BRIEF
Copy each line below as it stands, but skip any picture it contains.

Dataset entries:

-------

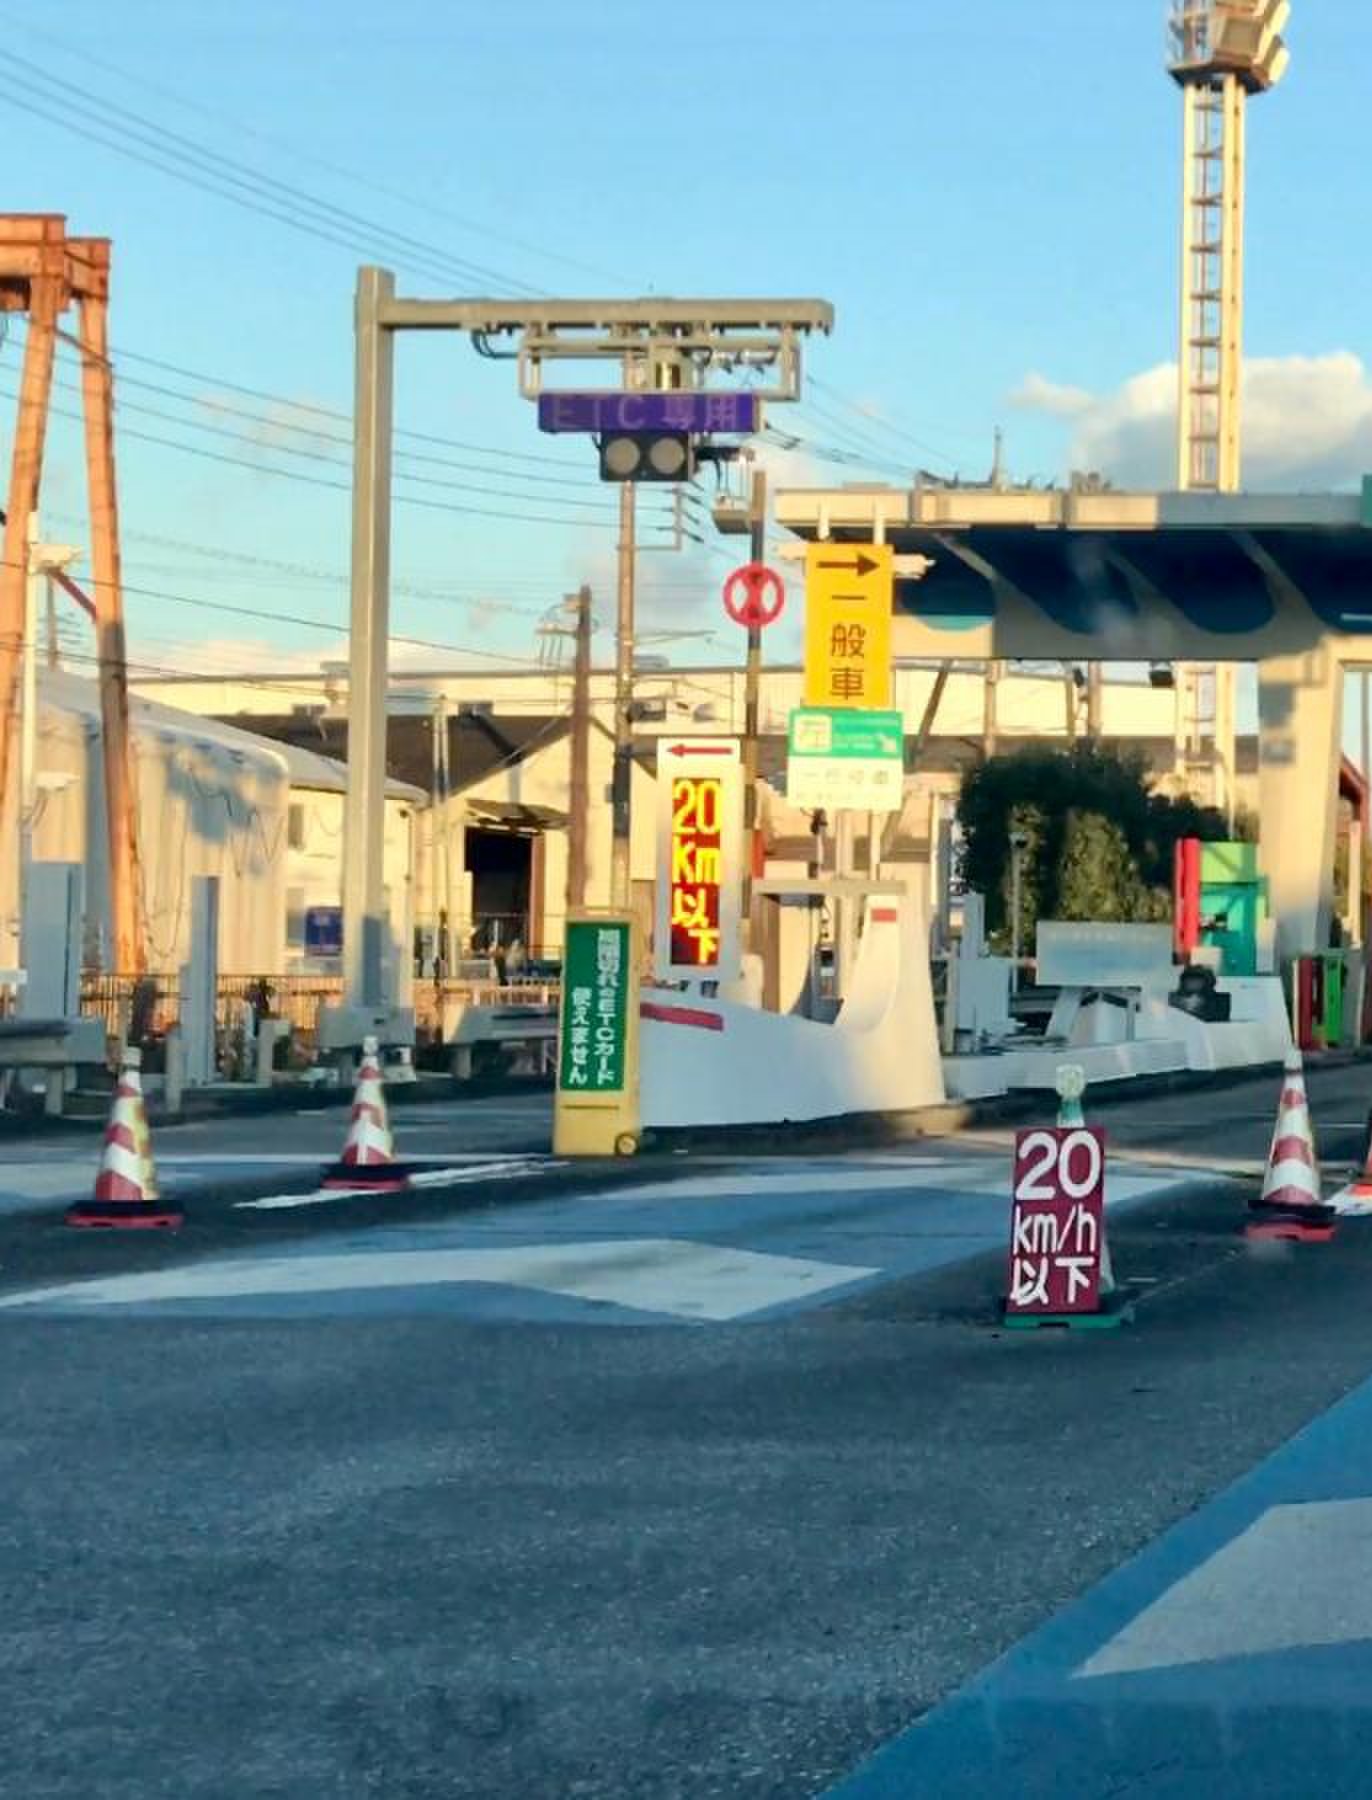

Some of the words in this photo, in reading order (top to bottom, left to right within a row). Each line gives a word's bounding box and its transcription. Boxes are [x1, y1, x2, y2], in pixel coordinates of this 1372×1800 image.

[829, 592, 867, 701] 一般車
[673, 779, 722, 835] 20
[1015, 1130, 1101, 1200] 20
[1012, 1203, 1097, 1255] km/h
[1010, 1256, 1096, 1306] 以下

-------

REPLY
Some of the words in this photo, in reading order (top to bottom, left to right within a row). Each line gives a word's bounding box and its transcription. Boxes are [x1, y1, x2, y2], in pixel coordinates of this 1372×1800 image.

[829, 592, 867, 701] 一般車
[673, 779, 722, 835] 20
[1015, 1130, 1101, 1200] 20
[1012, 1203, 1097, 1255] km/h
[1010, 1256, 1096, 1306] 以下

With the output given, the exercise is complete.